Factors determining frequency of plasmid cointegration mediated by insertion sequence IS1.

We demonstrate that mutants with deletions at either end of the insertion sequence IS1 lose the ability to mediate cointegration of two plasmids, whereas mutants with deletions or an insertion within IS1 can mediate cointegration at a reduced frequency. These results, together with the nucleotide sequence analysis of the IS1 mutants, indicate that the two ends of IS1 (insL and insR) and two genes (insA and insB) that are encoded by IS1 are required for cointegration. Using a plasmid carrying two copies of IS1, we found that the individual IS1s mediate cointegration at different characteristic frequencies, and that each of two parts of plasmid DNA segments flanked by the two IS1s is a transposon, mediating plasmid cointegration at a unique frequency. When one IS1 was replaced with a mutant IS1, the remaining wild-type IS1 complemented the cointegration ability of the mutant IS1 as well as a resulting mutant transposon that was then flanked by a wild-type IS1 and a mutant IS1. The efficiency of this complementation reflected the characteristic ability of an individual IS1 present on the plasmid to promote cointegration.
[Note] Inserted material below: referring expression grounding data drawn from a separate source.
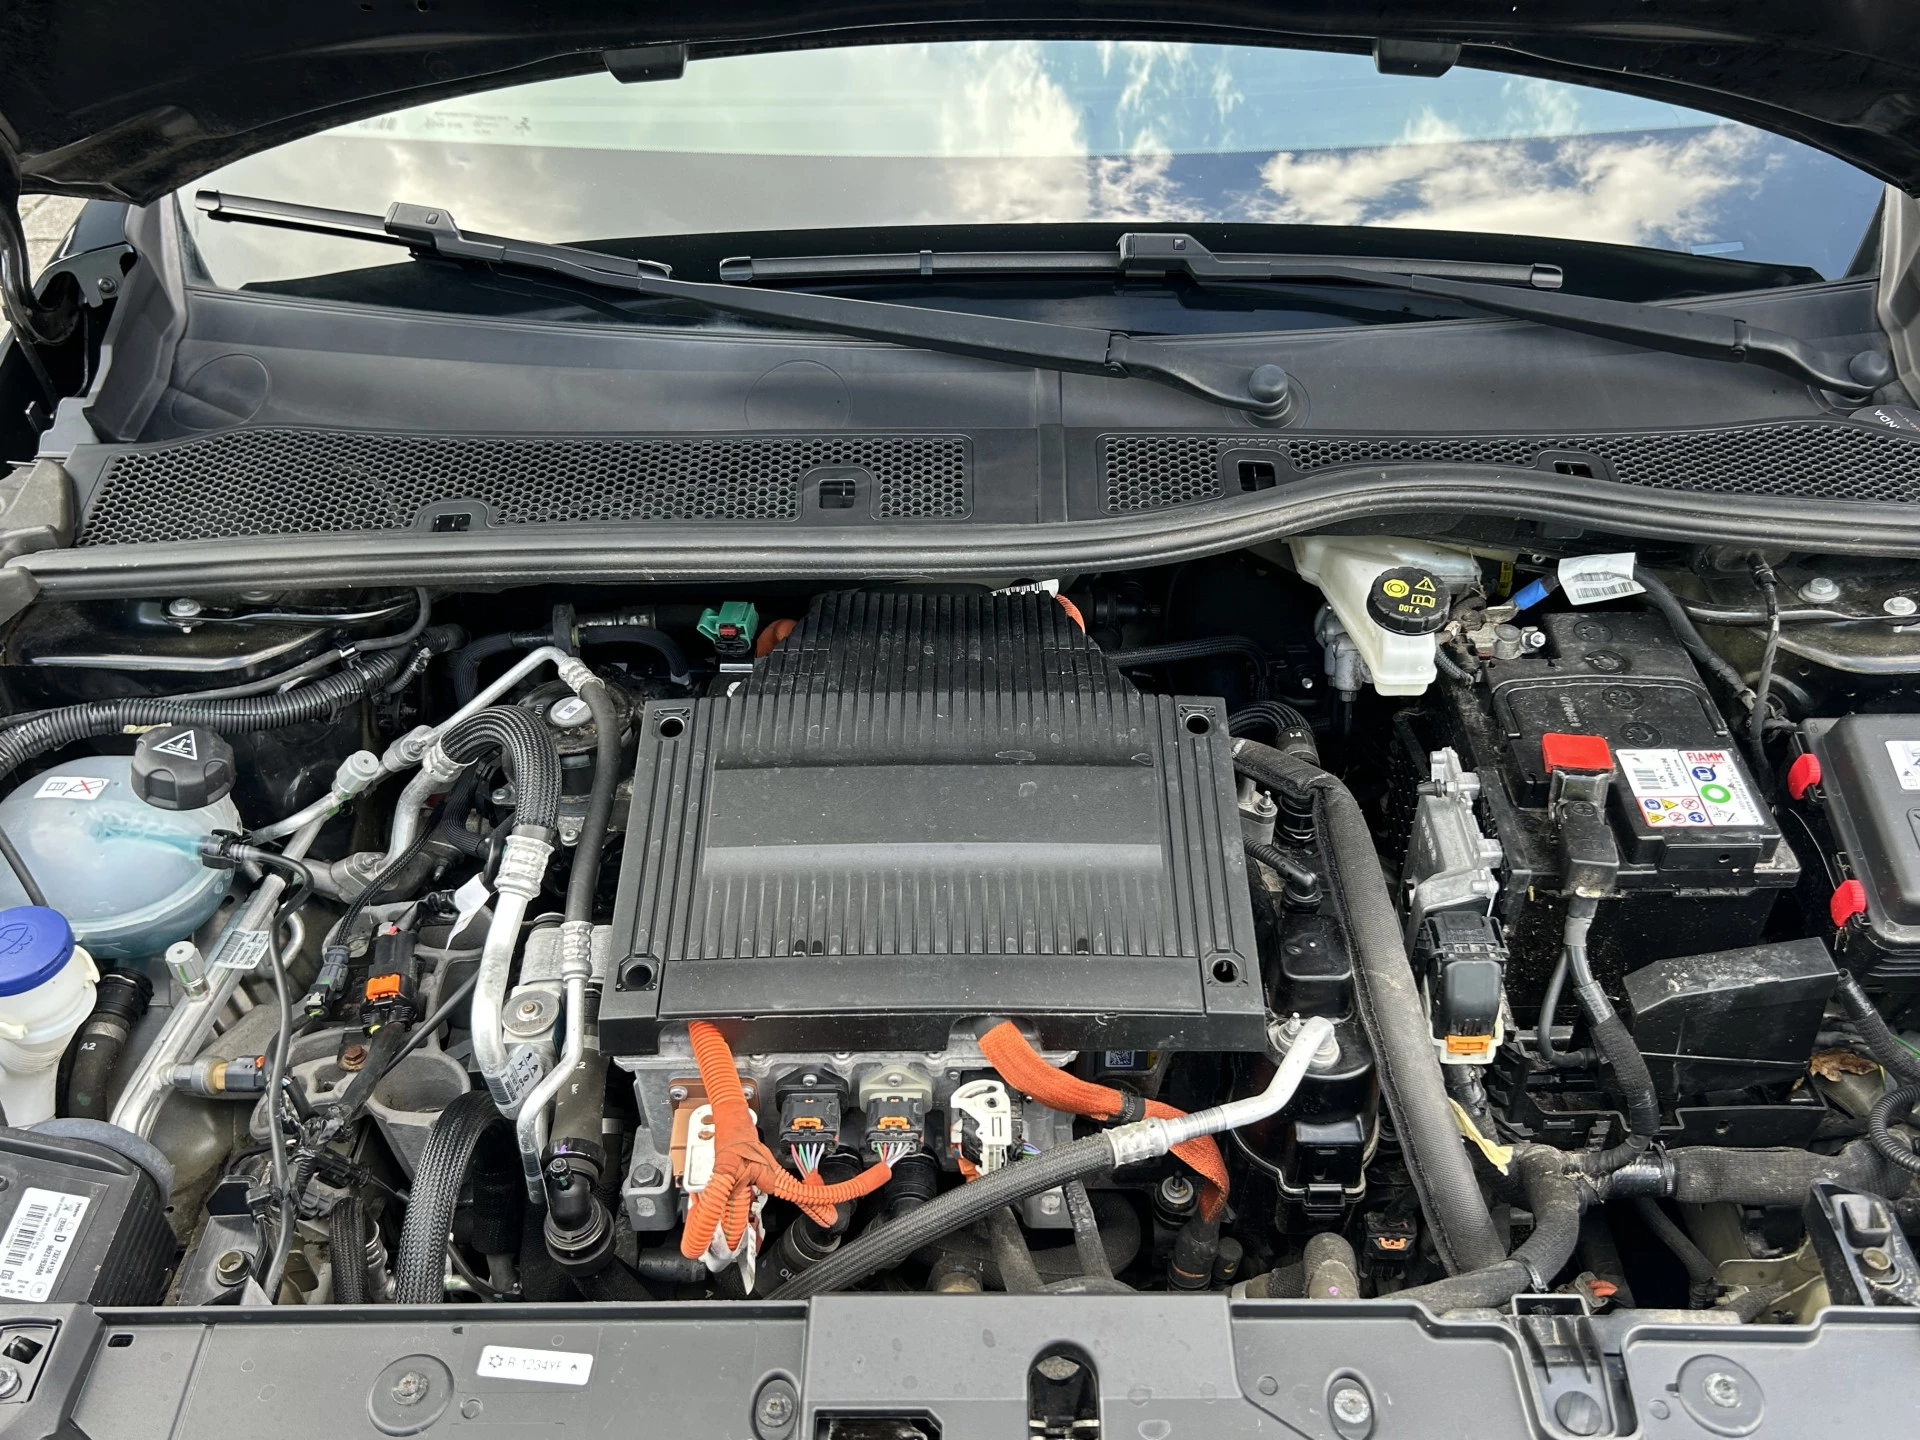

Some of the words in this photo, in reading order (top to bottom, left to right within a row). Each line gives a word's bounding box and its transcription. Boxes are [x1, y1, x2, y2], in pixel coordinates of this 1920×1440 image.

[1399, 604, 1414, 612] DOT
[1686, 752, 1725, 761] FIAMM
[80, 1042, 97, 1051] A2
[575, 1061, 587, 1069] 2
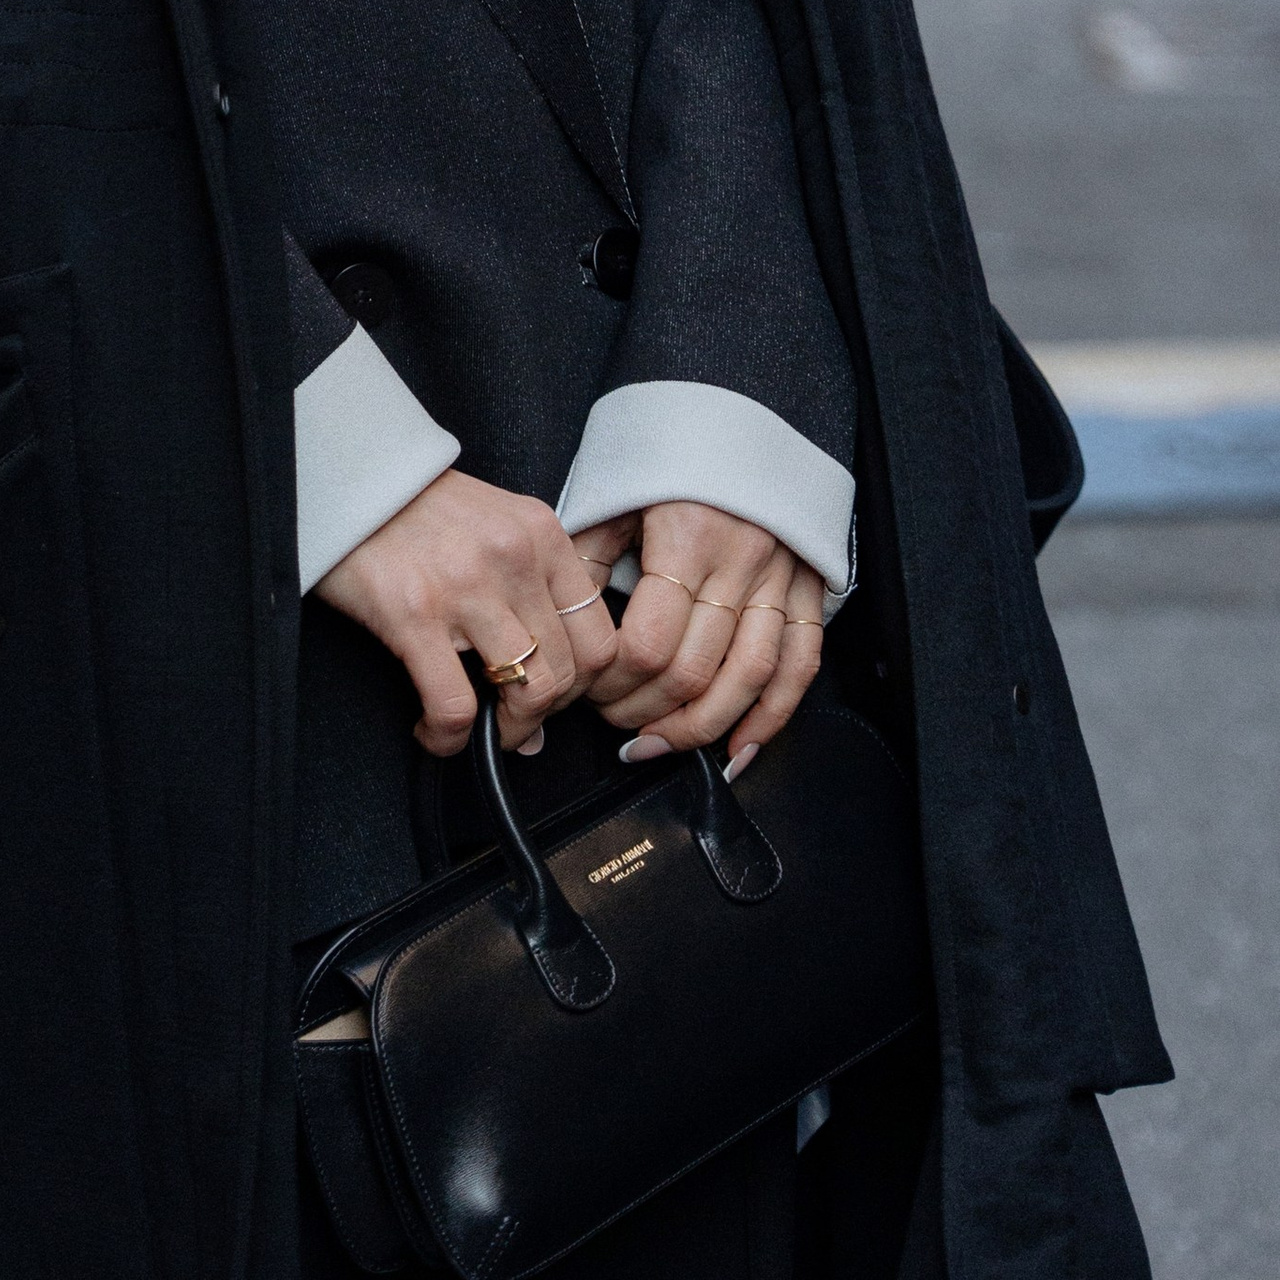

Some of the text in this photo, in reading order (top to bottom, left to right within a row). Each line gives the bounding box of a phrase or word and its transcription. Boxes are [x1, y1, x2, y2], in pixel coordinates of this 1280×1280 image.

[588, 839, 654, 883] GIORGIO ARMANI
[610, 860, 645, 883] MILANO
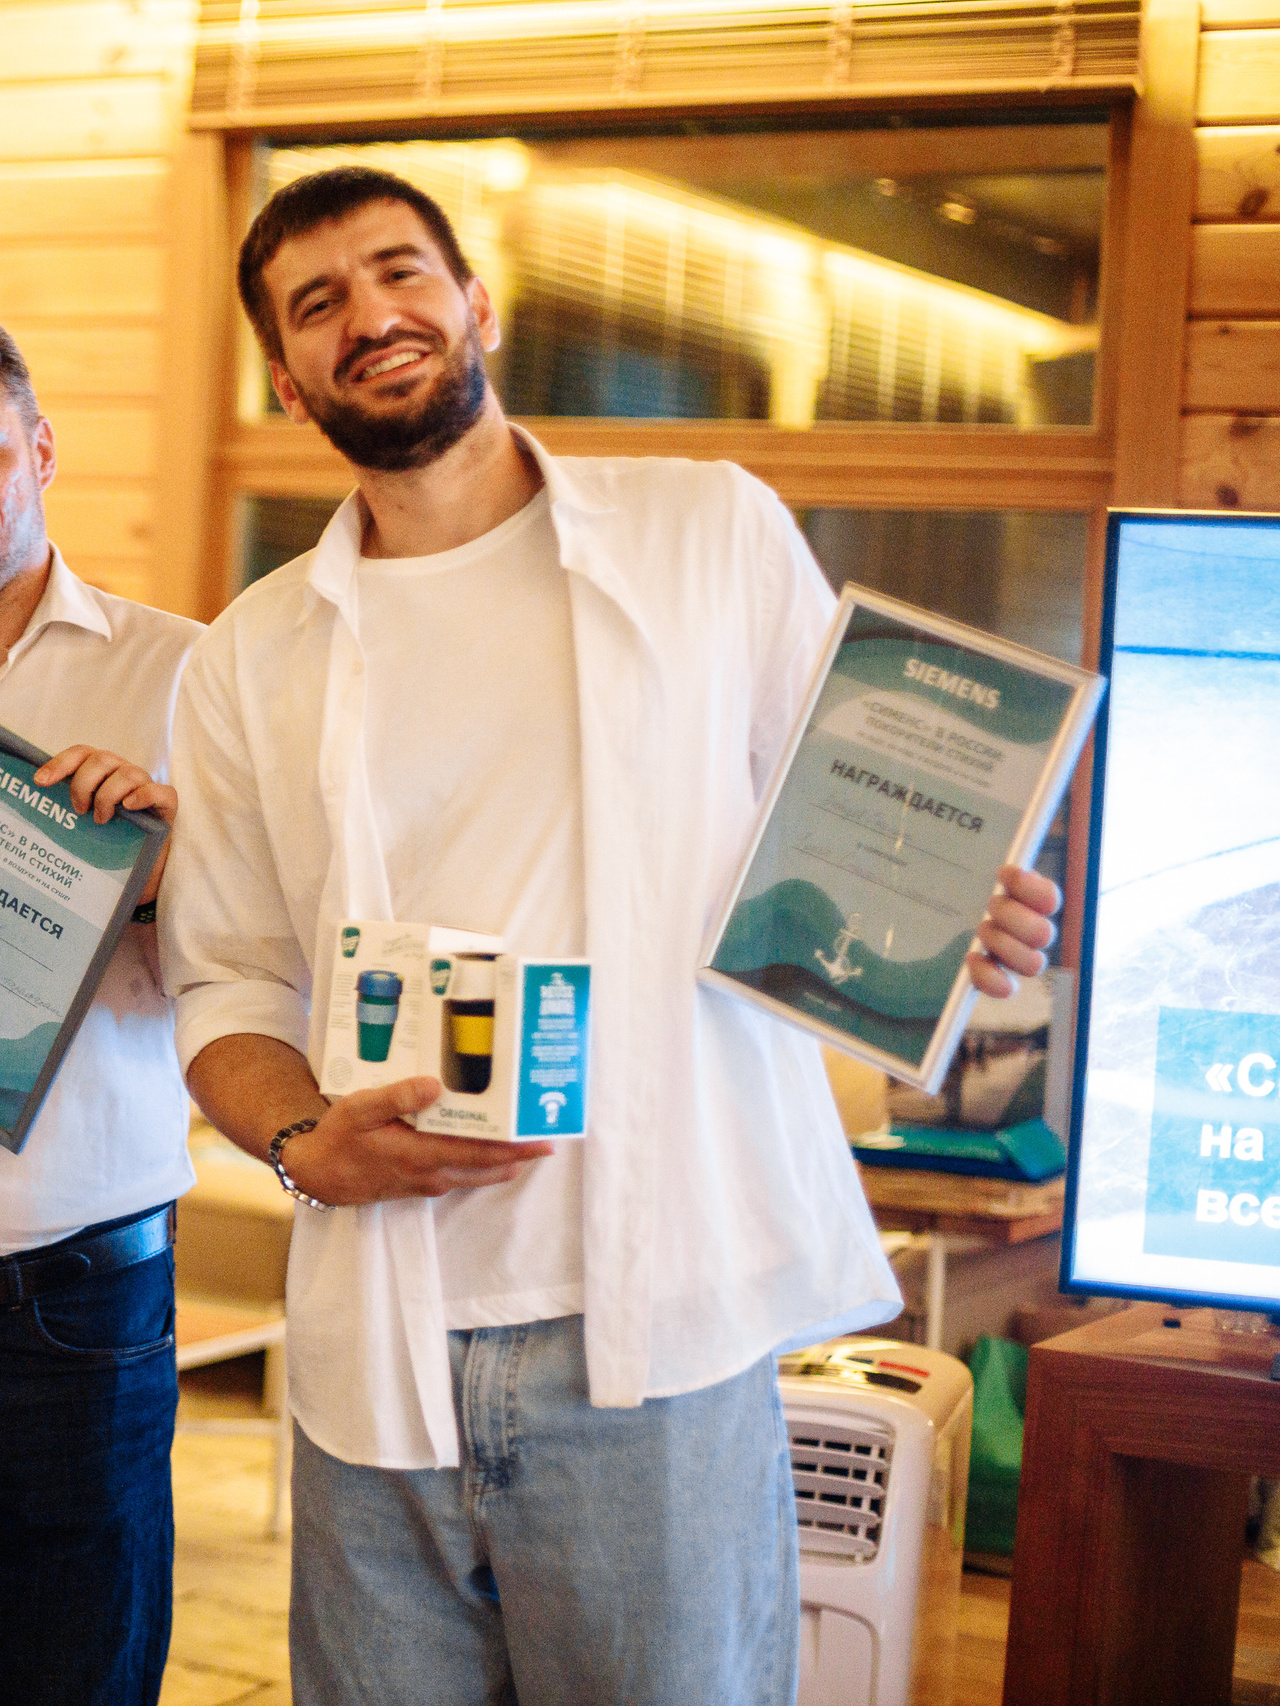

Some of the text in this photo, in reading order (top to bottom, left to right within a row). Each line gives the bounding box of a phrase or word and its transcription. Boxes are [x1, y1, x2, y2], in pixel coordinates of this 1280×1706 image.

[903, 658, 1001, 709] SIEMENS
[830, 759, 985, 833] НАГРАЖДАЕТСЯ
[18, 836, 27, 845] В
[29, 842, 83, 882] РОССИИ:
[28, 855, 73, 888] СТИХИЙ
[1205, 1053, 1280, 1097] «С
[1200, 1124, 1264, 1161] на
The results suggest that the IS1-encoded proteins are produced in different amounts, depending on the location of IS1 in the plasmid, and that these amounts determine the efficiency of complementation of the cointegration ability of a mutant IS1 as well as a mutant transposon. However, the location of an individual IS1 itself can also determine the frequency of cointegration in the presence of a given amount of the IS1 proteins. On the basis of the observation that the cointegration ability of a mutant IS1 is less efficiently complemented than is the ability of a mutant transposon, we also suggest that the IS1-encoded proteins can function in trans, but act preferentially on the IS1 or transposon sequence from which they are produced in promoting cointegration.